The present disclosure relates to the field of integrated circuits, and, more particularly, to an image sensor device and related methods.
Typically, electronic devices include one or more camera modules for providing enhanced media functionality. For example, the typical electronic device may utilize the camera modules for photo capturing and video teleconferencing. In the typical electronic device with multiple camera modules, the primary camera module has a high pixel density and an adjustable focus lens system, while the secondary camera module is front-facing and has a lower pixel density. Also, the secondary camera module may have a fixed focus lens system.
For example, U.S. Patent Application No. 2009/0057544 to Brodie et al, assigned to the present application's assignee, discloses a camera module for a mobile device. The camera module comprises a lens, a housing carrying the lens, and a lens cap over the lens and housing. The camera module includes a barrel mechanism for adjusting the lens. Each camera module comprises an integrated circuit (IC) image sensor device having a plurality of pixels arranged in an array of rows and columns, a plurality of pixel lines coupled to the plurality of pixels, and readout circuitry coupled to the plurality of pixel lines.
Generally, an image sensor device may include an array of image sensing pixels arranged in rows and columns. Each image sensing pixel may comprise an image sensing photodiode, a first source follower transistor coupled to the image sensing photodiode, at least one switch coupled to the image sensing photodiode, a second source follower transistor coupled to the at least one switch, and a row selection transistor coupled to the first and second source follower transistors.
The at least one switch may comprise a third transistor having first and second conduction terminals coupled respectively to the image sensing photodiode and to the second source follower transistor. The at least one switch may comprise a fourth transistor coupled between a first reference voltage and the third transistor.
In other embodiments, the at least one switch may comprise third and fourth transistors coupled in series between the image sensing photodiode and a first reference voltage and defining a node therebetween. The second source follower transistor may be coupled to the node.
In some embodiments, the at least one switch may comprise a third transistor coupled to the second source follower transistor and configured to operate based upon a reset signal. Also, each image sensing pixel may comprise a transfer transistor coupled between the image sensing photodiode and the at least one switch. Each image sensing pixel may comprise a reset transistor coupled between a second reference voltage and the transfer transistor. Each image sensing pixel may comprise an other switch coupled between a second reference voltage and the second source follower transistor.

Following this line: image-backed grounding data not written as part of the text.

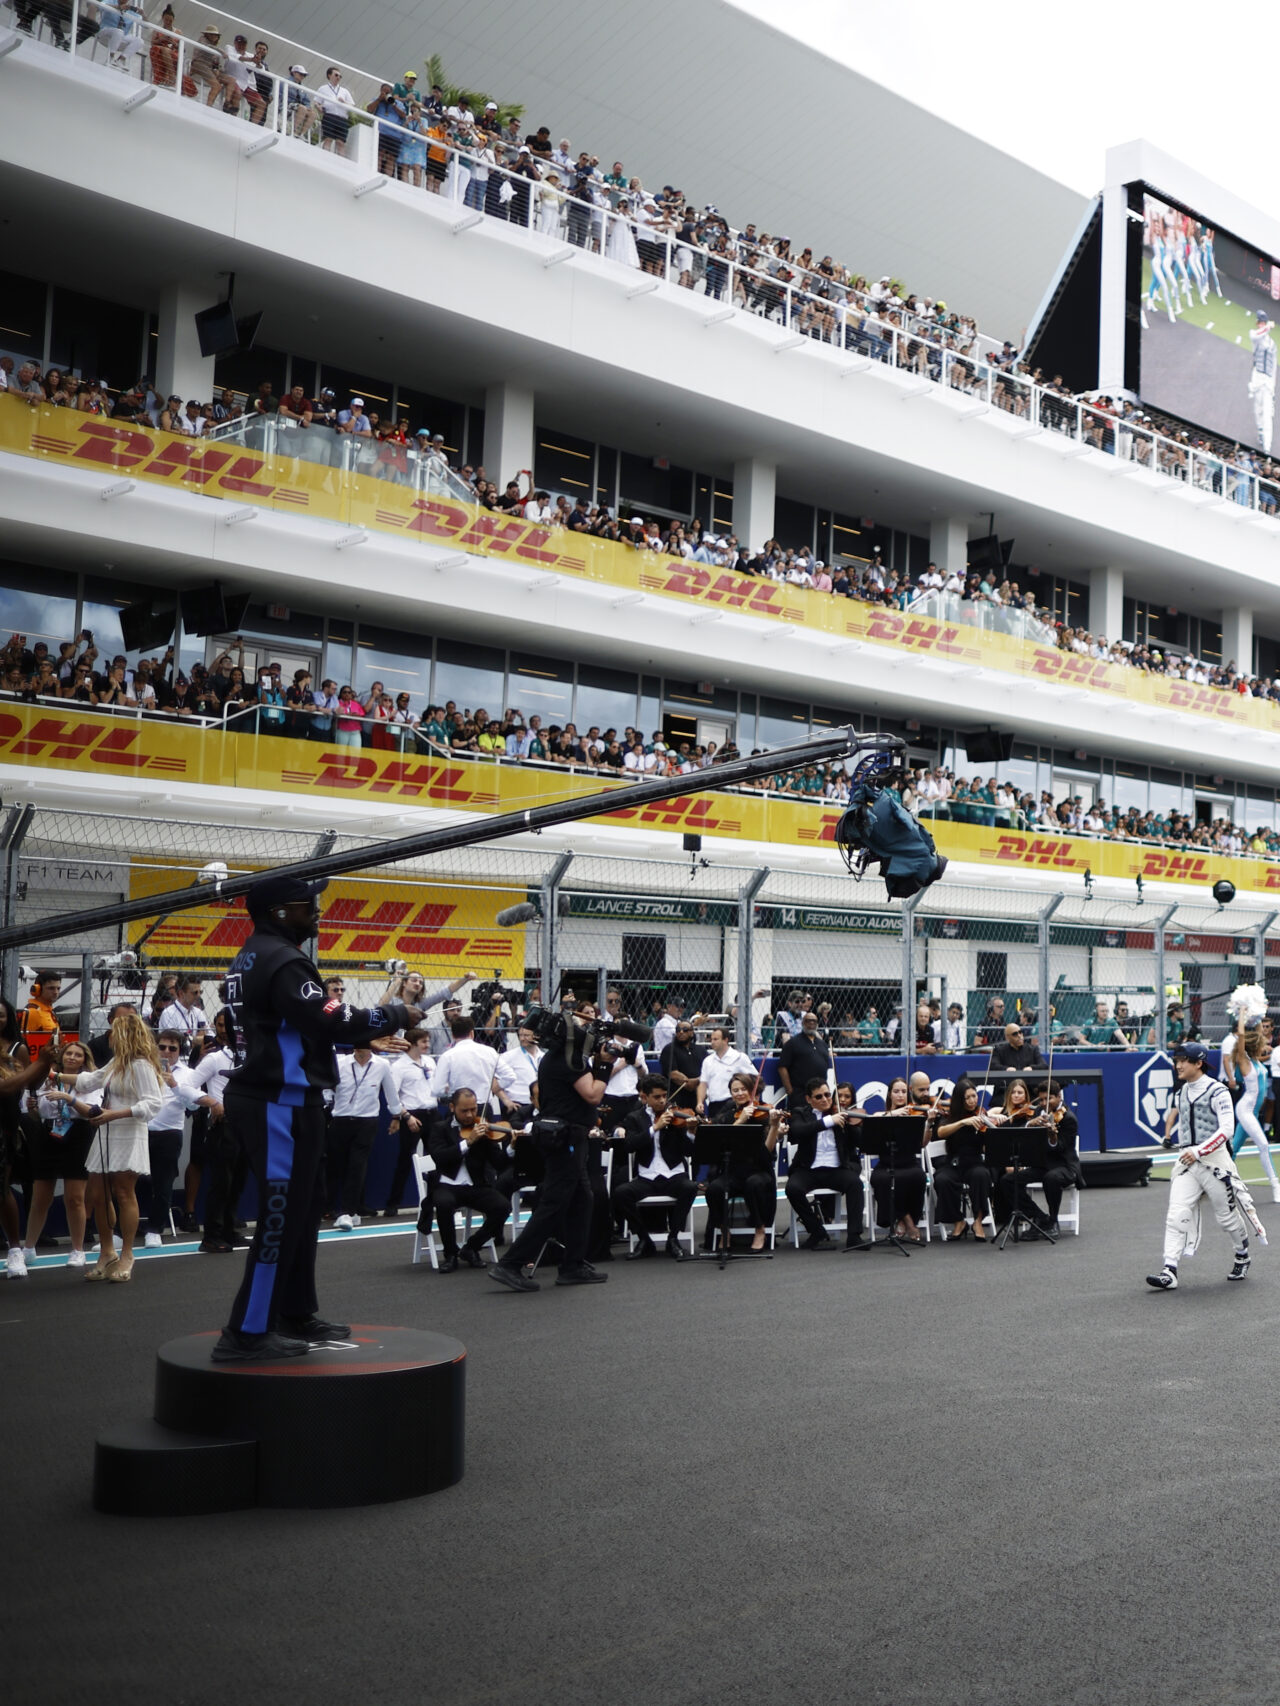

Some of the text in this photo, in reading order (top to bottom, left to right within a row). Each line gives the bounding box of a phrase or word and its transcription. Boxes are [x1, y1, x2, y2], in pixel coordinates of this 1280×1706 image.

[72, 421, 275, 497] DHL
[406, 499, 561, 563] DHL
[664, 563, 787, 614] DHL
[866, 611, 965, 655] DHL
[1033, 649, 1111, 689] DHL
[1168, 683, 1236, 718] DHL
[0, 713, 152, 768] HL
[314, 753, 473, 802] DHL
[995, 835, 1076, 867] DHL
[1141, 853, 1209, 881] DHL
[27, 865, 47, 878] F1
[54, 867, 113, 882] TEAM
[587, 899, 684, 916] LANCE STROLL
[781, 908, 903, 929] 14 FERNANDO ALONS
[259, 1181, 289, 1263] FOCUS
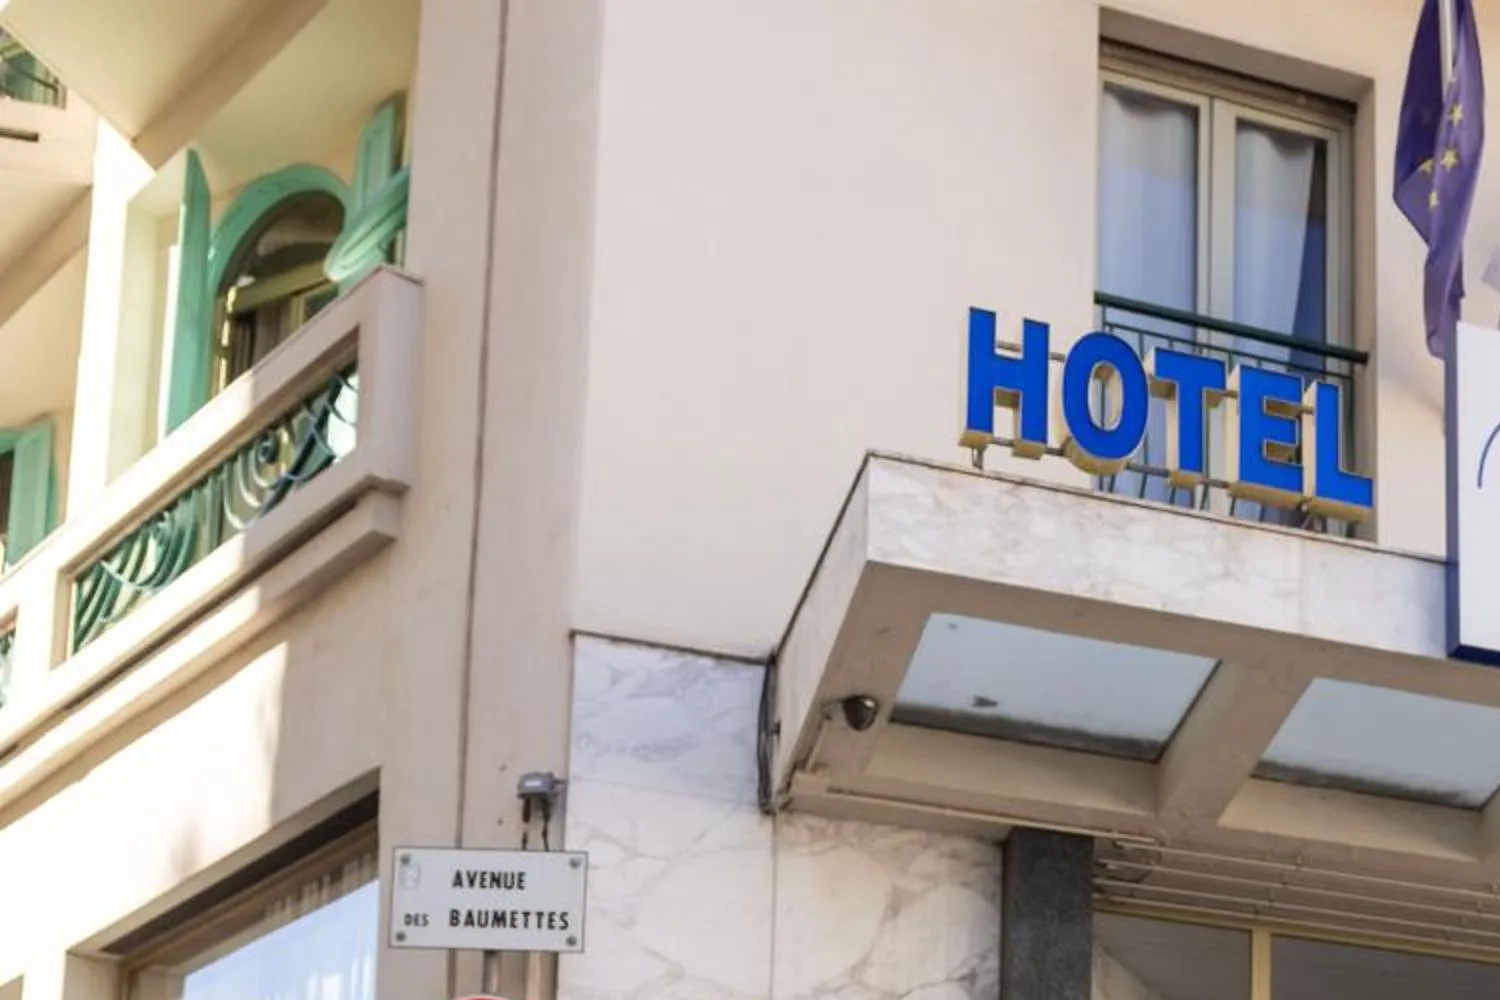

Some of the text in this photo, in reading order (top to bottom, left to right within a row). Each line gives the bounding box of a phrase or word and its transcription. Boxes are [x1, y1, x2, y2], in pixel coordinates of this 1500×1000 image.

[963, 306, 1374, 511] HOTEL
[452, 869, 527, 891] AVENUE
[404, 909, 570, 931] DES BAUMETTES
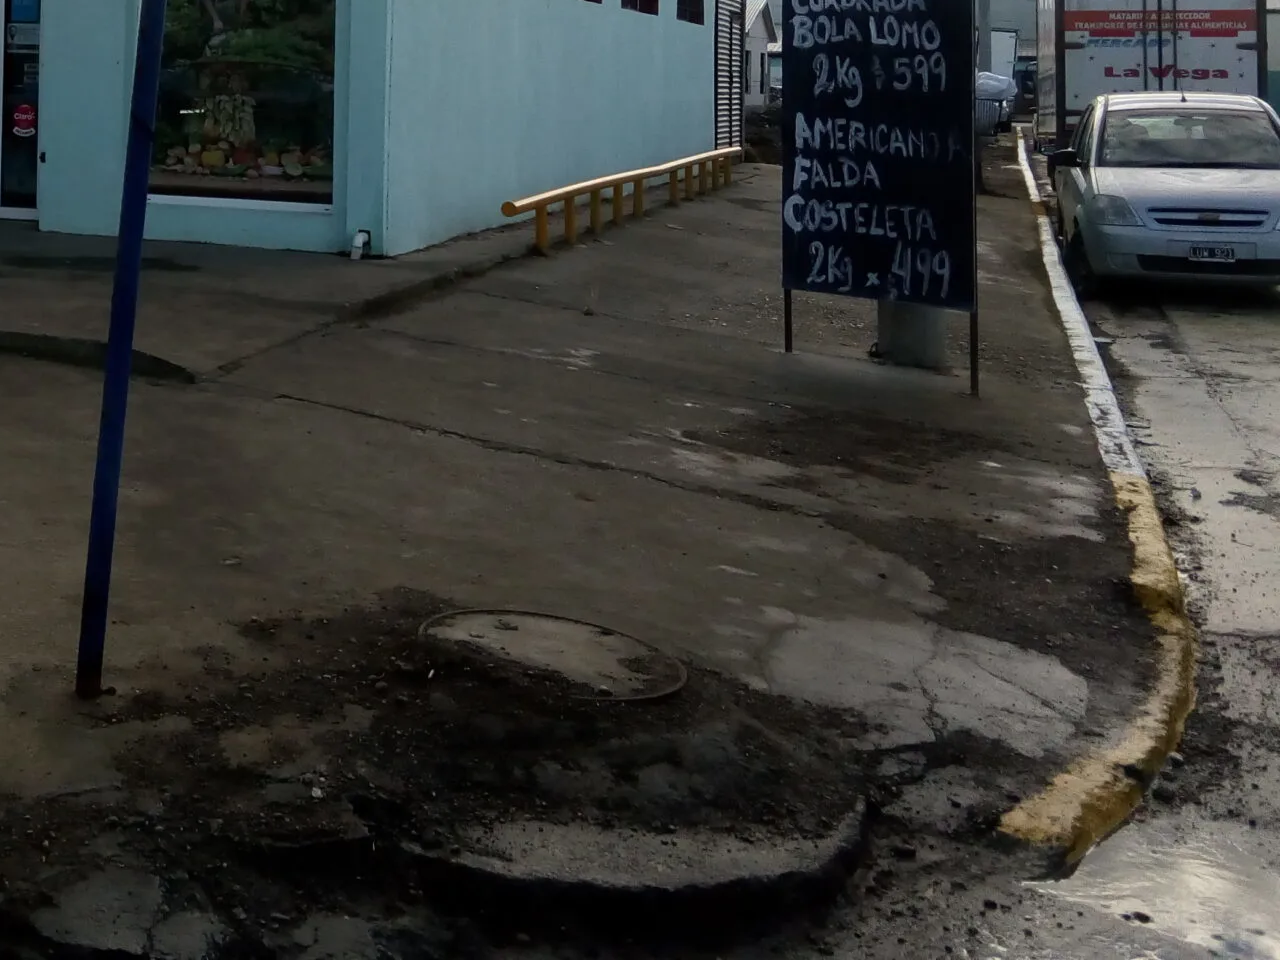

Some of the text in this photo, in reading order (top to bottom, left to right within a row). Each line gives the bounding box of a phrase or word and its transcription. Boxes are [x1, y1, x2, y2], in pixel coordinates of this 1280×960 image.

Another aspect is directed to an electronic device. The electronic device may include a processor, and an array of image sensing pixels coupled to the processor and arranged in rows and columns. Each image sensing pixel may include an image sensing photodiode, a first source follower transistor coupled to the image sensing photodiode, at least one switch coupled to the image sensing photodiode, a second source follower transistor coupled to the at least one switch, and a row selection transistor coupled to the first and second source follower transistors.
Another aspect is directed to a method for making an image sensor device. The method may include forming an array of image sensing pixels arranged in rows and columns. Each image sensing pixel may include an image sensing photodiode, and a first source follower transistor coupled to the image sensing photodiode. Each image sensing pixel may include at least one switch coupled to the image sensing photodiode, a second source follower transistor coupled to the at least one switch, and a row selection transistor coupled to the first and second source follower transistors.
The present disclosure will now be described more fully hereinafter with reference to the accompanying drawings, in which several embodiments of the invention are shown. This present disclosure may, however, be embodied in many different forms and should not be construed as limited to the embodiments set forth herein. Rather, these embodiments are provided so that this disclosure will be thorough and complete, and will fully convey the scope of the present disclosure to those skilled in the art. Like numbers refer to like elements throughout, and base 100 reference numerals are used to indicate similar elements in alternative embodiments.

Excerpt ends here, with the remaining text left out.